**TASK DESCRIPTION**
Output the data below exactly, without images.

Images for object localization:
··········
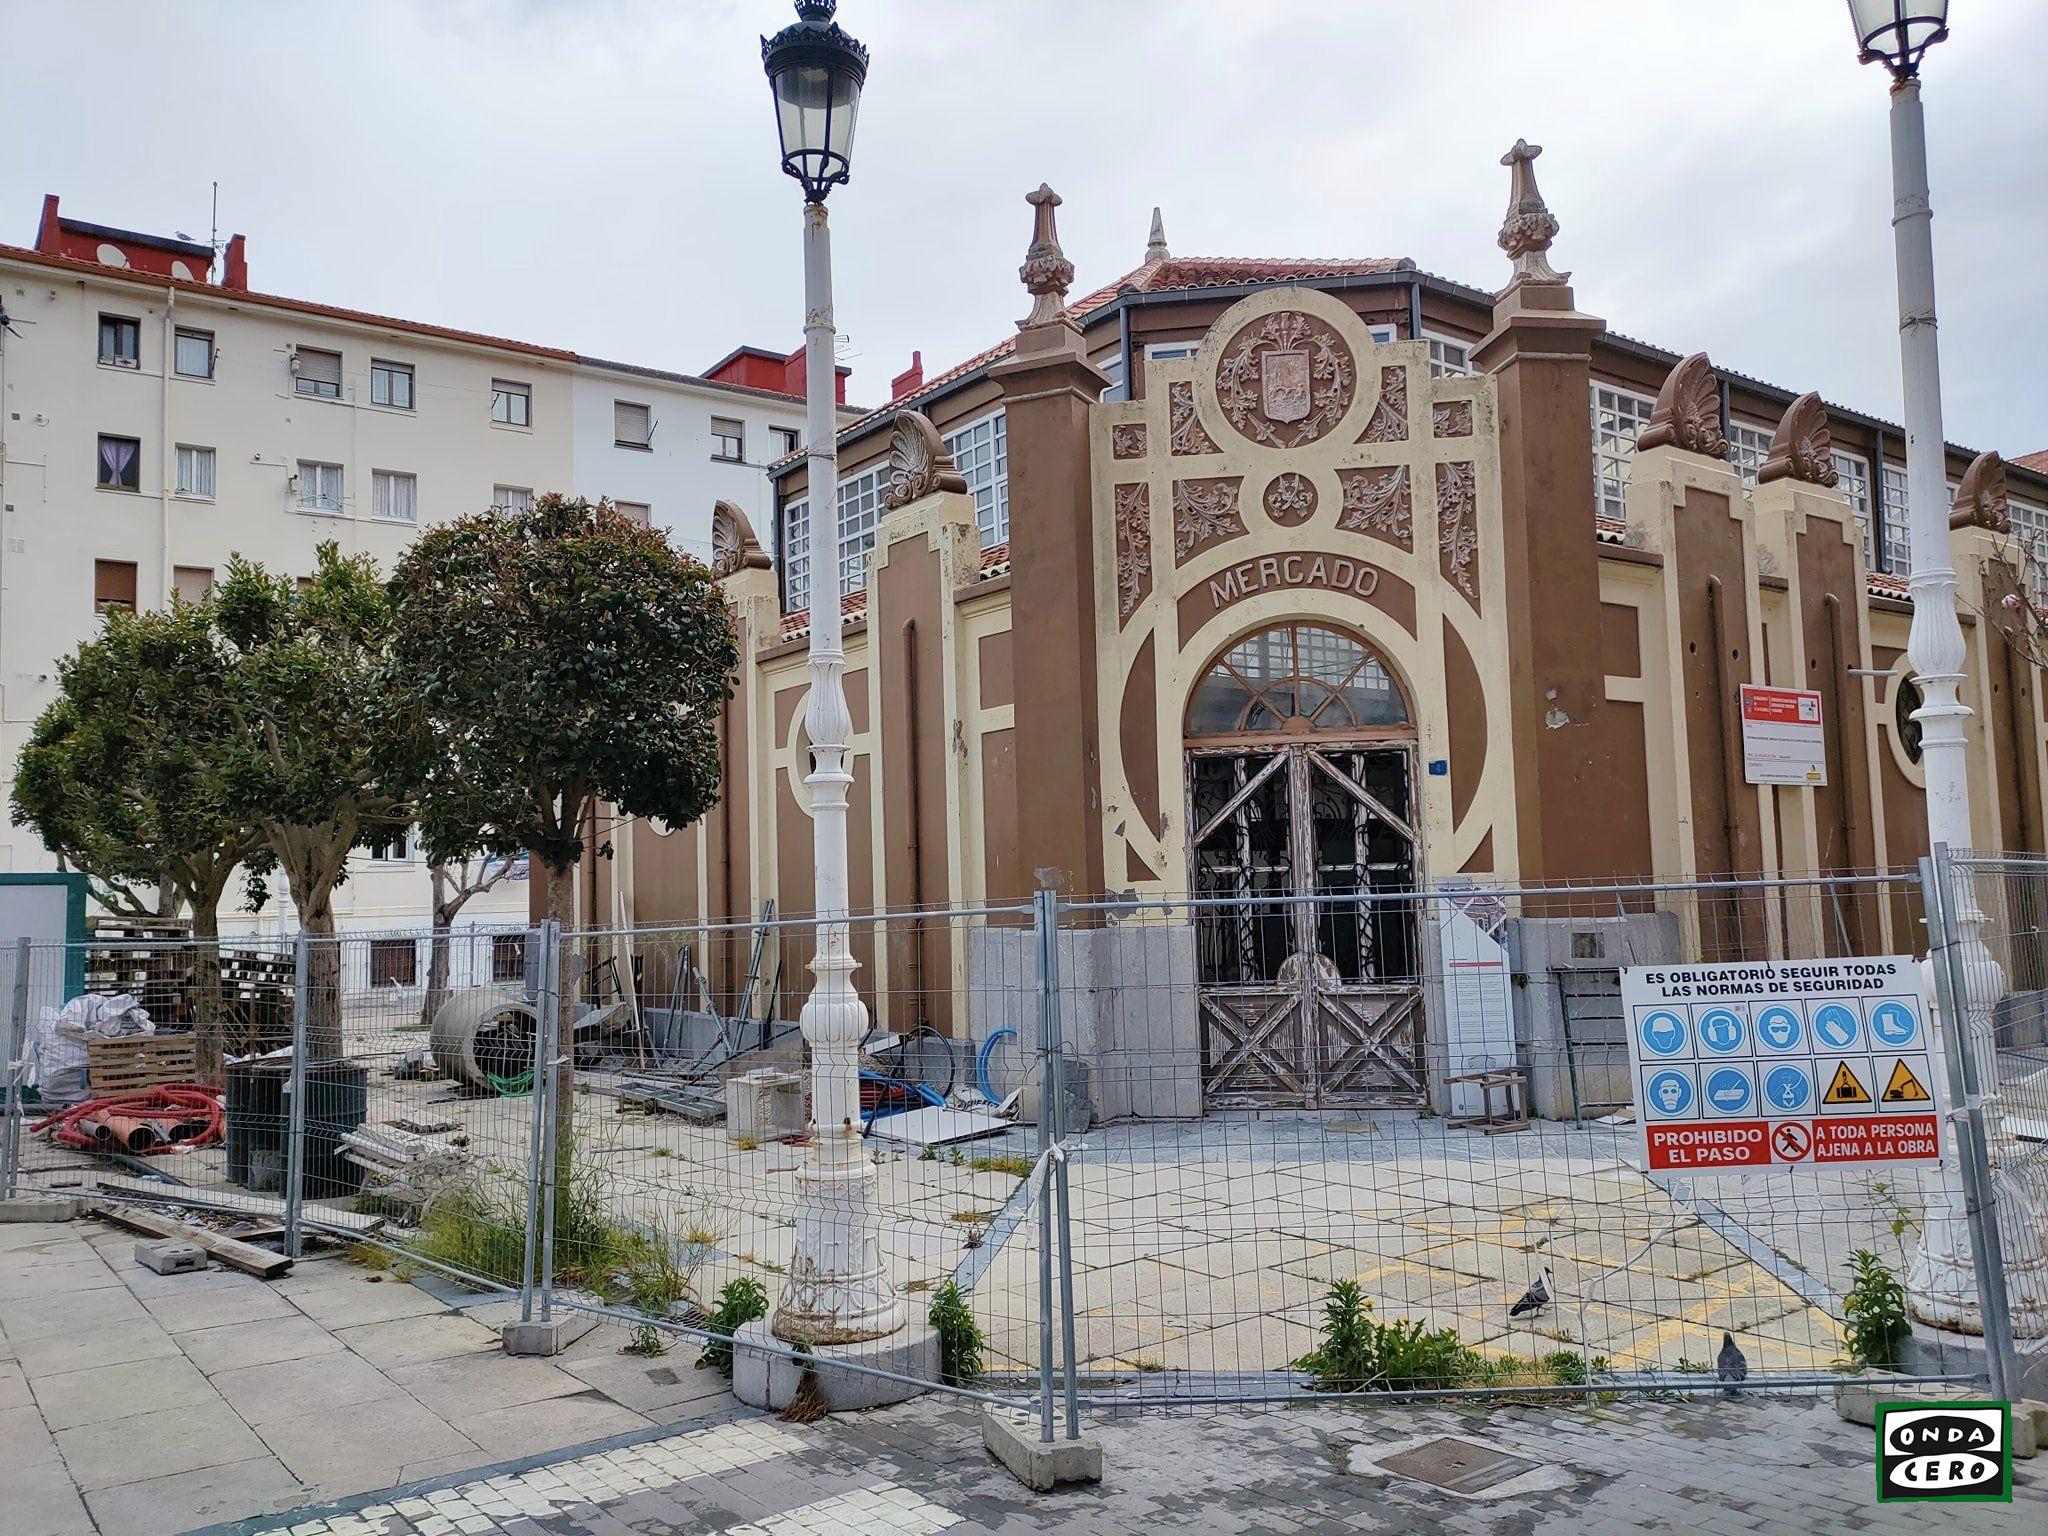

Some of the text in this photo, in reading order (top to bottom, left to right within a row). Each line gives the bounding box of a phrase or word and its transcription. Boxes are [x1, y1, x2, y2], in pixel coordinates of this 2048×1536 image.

[1209, 555, 1379, 609] MERCADO
[1645, 964, 1896, 984] ES OBLIGATORIO SEGUIR TODAS
[1662, 978, 1884, 997] LAS NORMAS DE SEGURIDAD
[1653, 1128, 1763, 1147] PROHIBIDO
[1816, 1122, 1935, 1140] A TODA PERSONA
[1668, 1146, 1750, 1163] EL PASO
[1817, 1139, 1936, 1157] AJENA A LA OBRA
··········
**WRITTEN RESPONSE**
Some of the text in this photo, in reading order (top to bottom, left to right within a row). Each line gives the bounding box of a phrase or word and its transcription. Boxes are [x1, y1, x2, y2], in pixel coordinates of this 2048×1536 image.

[1209, 555, 1379, 609] MERCADO
[1645, 964, 1896, 984] ES OBLIGATORIO SEGUIR TODAS
[1662, 978, 1884, 997] LAS NORMAS DE SEGURIDAD
[1653, 1128, 1763, 1147] PROHIBIDO
[1816, 1122, 1935, 1140] A TODA PERSONA
[1668, 1146, 1750, 1163] EL PASO
[1817, 1139, 1936, 1157] AJENA A LA OBRA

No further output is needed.